Why I Don’t Need to Meet Your Friend Jim…A Story of Uncoupling

By Christie Goodfellow

Christie Goodfellow
Christie Goodfellow

For those of you who’ve met me you’ve probably met my partner in crime whom I am happily unmarried to.  We’ve been together for six years and it’s awesome.  We have two dogs, a garden and we go to the gym together.  We’re a “cute” couple.  This is NOT a story about that.  This is the prequel.

Yes, I have been married before.  I have nothing bad to say about my ex-husband or being married.  It was four years of my life and then it was over.  I have no qualms with that.

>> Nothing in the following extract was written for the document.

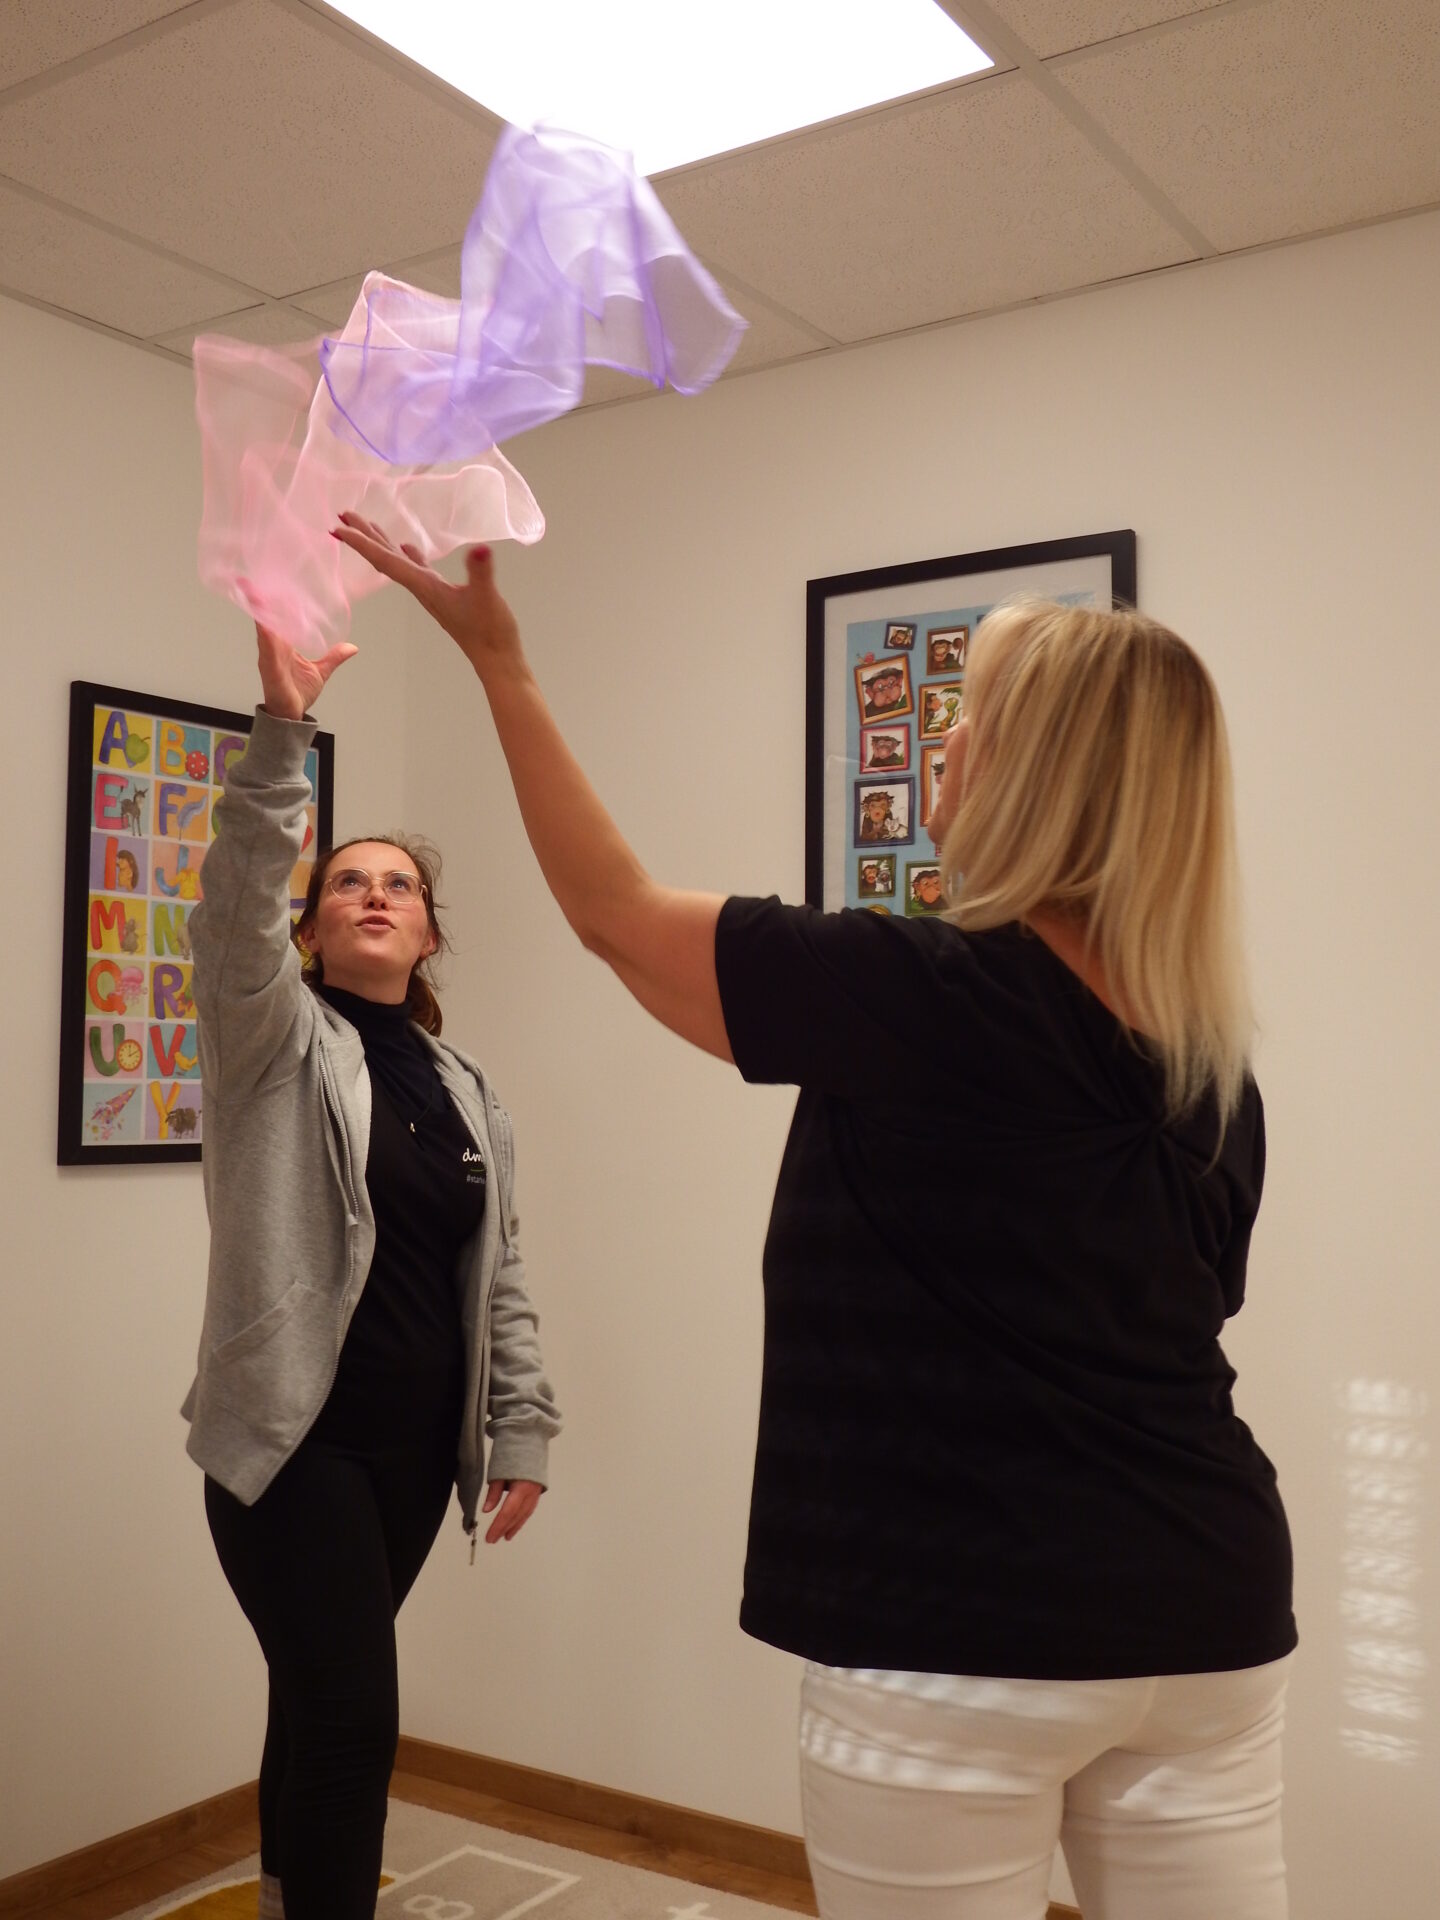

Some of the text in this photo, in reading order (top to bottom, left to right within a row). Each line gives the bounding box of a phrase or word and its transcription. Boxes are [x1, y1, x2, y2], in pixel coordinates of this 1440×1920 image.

My issue lies with my girlfriends reactions right after my divorce or ‘uncoupling’ period.  I like to call this the “You should really meet my friend” period.  Ladies- please be advised.  If or when your friend gets divorced, do not fall into this trap.

There is something about people that when one of your friends becomes uncoupled, for any reason, you  immediately feel the need to grab a pen and write down every single guy you know that you can hook your friend up with.  The problem with my friends was what they lacked in quality choices they made up for in gusto with really trying to sell me on my next soulmate.

“You should meet Jim…he has three kids but don’t worry…he NEEVVVEERRR sees them.”

Great. So you’re trying to send me on a date with a deadbeat dad?  Awesome.  I’d love to meet someone who doesn’t acknowledge his responsibilities and probably ruined his first marriage by sleeping with the nanny.  Top notch choice friends.  You are all unfriended officially on Myspace (this was 2008.  Don’t judge).

So Jim was a hard pass.  “How about Bill?  You should really meet my friend Bill.  He’s really into the gym.”

Um..no.  Bill is the worst choice after a divorce.  I was married for four years.  I probably let myself go a bit and all I’ve been doing is drinking and eating pizza since no one is stopping me.  I’d totally love to go on a twelve-mile get to know you hike with Bill.  It will be super hot when the only action he gets is giving me mouth to mouth after I pass out and die on the hike.

Unless Bill is a super gay trainer who won’t make me feel bad about rewarding myself with Pink Berry every time I finish a workout, I’m sooooo not interested.  (Sidenote:  In this fantasy Trainer Bill and I are wearing matching outfits and sending each other workout mixes featuring Britney Spears on the daily.  Also, he prefers to be called William.)

Bottom line is – why do I need to be coupled up again so quickly? Come on ladies!  We can still hang out and have girl’s nights, and I’ll still be ok listening to your couple stories and even occasionally being the third wheel.  Divorce is not the end of the world and you are not obligated to rid me of my single existence.

Here’s my point; recently single ladies don’t NEED to meet any of your friends.   Not ‘Dad of the Year Jim’, or ‘former American Gladiator Bill’.  We should just be hanging with our girlfriends, sneaking wine into Magic Mike movies and buying heels because we may go to Badlands later with Trainer Bill…I mean William.

My advice to ladies who BFF’s are uncoupling…just send them a bottle of wine and chocolate and maybe a coupon for a free month of Match.com.  We’ll get the picture and we promise you can take all the credit during your bridesmaid speech when we’ve finally decided to “meet your friend ____”.